To make an assessment of Mahesh Dattani as an Indian English dramatist is not an easy task. A multifaceted personality, Dattani has written dramas, radio plays, screen plays and acted in and directed many plays over the years. His plays are primarily written to be staged not to be read as stories in the drawing rooms or classrooms. He is charged by the voice of his characters through the mouth of the actors. That is why, he used to give final shape to some of his plays after they were staged. Drama, unlike poetry or fiction is a performing act. The dialogue of the character and the voice of the actor go together to make a play what it is. Therefore, it is not merely the language of the dialogue but the articulation of it by the actor, which matters in a drama. Dattani’s success lies in combining the two artistically in his plays.

Mhesh Dattani, a theatre personality who is actually involved in stage production and performing on the stage, draws inspiration from Marathi playwright Vijay Tendulkar. Unlike Girish Karnad who lays emphasis on history, myths puranas, Dattani concentrates on contemporary society and reality in the fast changing world. He may be called him a playwright on contemporary urban India and his plays are topical dramas. The questions he addresses in his plays are that of gender, sex, religion, communal tension, feminine identity, same- sex marriage, and above all gay and lesbian relationship. Hence his plays appear to be both revolting and sometimes, courageous. Penguin India has brought out two collections of his plays: Collected Plays (2000) and Collected Plays (vol.ii) (2005). The first collection contains eight plays such as Seven Steps Around The Fire, ON a Muggy Night in Mumbai, Do The Needful, Final Solutions, Bravely Fought The Queen, Tara, Dance Like a Man and Where There’s a Will. And the second collection contains ten plays eight new and two of his early plays are Thirty Days in September, Clearing the Rubble, Mango Soufle. The Swami and Winston, Morning Raga, Uma and The Fairy Queen, Ek Alag Mausam and The Tale of a Mother Feeding Her Child. The total corpus of his plays which include Radio plays, Screen plays and Stage plays available in print is sixteen. He came to limelight and sought into fame with the winning of the first ever Sahitya Akademi Award for a playwright in 1998 for his work Final Solutions and Other plays.

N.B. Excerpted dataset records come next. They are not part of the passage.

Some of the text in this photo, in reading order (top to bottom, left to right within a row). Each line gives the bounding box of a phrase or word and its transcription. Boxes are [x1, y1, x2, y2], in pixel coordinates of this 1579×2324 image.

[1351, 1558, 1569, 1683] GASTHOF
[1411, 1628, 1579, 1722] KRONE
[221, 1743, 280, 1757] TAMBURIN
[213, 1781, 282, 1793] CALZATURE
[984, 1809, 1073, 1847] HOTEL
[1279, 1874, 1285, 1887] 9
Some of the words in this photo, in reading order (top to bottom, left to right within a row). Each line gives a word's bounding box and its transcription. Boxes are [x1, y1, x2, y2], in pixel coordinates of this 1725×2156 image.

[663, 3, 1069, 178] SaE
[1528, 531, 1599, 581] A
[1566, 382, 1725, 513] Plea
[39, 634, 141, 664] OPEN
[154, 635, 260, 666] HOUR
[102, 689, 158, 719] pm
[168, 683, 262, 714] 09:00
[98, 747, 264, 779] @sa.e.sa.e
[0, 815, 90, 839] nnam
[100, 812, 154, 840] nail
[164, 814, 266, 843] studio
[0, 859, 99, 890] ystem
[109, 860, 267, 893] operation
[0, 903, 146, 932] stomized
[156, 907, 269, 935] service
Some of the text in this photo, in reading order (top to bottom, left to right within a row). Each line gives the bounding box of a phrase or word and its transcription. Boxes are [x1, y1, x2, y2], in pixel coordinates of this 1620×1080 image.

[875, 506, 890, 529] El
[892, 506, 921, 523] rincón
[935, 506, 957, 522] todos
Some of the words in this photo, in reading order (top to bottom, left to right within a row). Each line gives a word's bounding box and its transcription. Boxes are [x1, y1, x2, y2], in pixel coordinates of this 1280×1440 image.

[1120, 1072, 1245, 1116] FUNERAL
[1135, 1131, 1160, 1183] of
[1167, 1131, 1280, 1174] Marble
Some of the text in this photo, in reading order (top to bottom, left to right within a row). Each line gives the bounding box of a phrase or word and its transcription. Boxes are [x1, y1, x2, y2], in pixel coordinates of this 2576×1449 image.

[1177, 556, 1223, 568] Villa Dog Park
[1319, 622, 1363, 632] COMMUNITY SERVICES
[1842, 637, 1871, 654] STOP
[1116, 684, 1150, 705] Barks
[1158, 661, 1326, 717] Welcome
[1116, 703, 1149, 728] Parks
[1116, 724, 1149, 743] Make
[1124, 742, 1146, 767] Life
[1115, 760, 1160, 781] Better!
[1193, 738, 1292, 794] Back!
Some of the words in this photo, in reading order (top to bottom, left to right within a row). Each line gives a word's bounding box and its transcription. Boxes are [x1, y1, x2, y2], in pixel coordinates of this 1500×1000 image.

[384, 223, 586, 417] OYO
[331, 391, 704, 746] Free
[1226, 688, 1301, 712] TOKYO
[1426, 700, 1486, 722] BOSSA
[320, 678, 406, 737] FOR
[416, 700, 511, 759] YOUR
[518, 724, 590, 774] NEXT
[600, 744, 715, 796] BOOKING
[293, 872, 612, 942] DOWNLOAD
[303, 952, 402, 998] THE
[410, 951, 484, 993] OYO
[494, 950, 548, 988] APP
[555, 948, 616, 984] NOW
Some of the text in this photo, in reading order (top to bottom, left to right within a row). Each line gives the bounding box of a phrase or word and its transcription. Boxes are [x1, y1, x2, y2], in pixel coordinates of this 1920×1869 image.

Once Dattani stated, my earliest influence are non- detailed texts of Shakespeare and BBC recordings of Shakespeare’s plays with heavy English accents. ‘On being asked’, Does the dramatist’s capacity to create memorable characters and events depend on his belief in his theme, Dattani answered, “Absolutely If the writer does not believe in his theme, how can he expect the audience to believe in anything? But many a time the theme is discovered in the writing which means that the theme carried conviction in the writer’s awareness of his or her theme, could be a process of discovery.”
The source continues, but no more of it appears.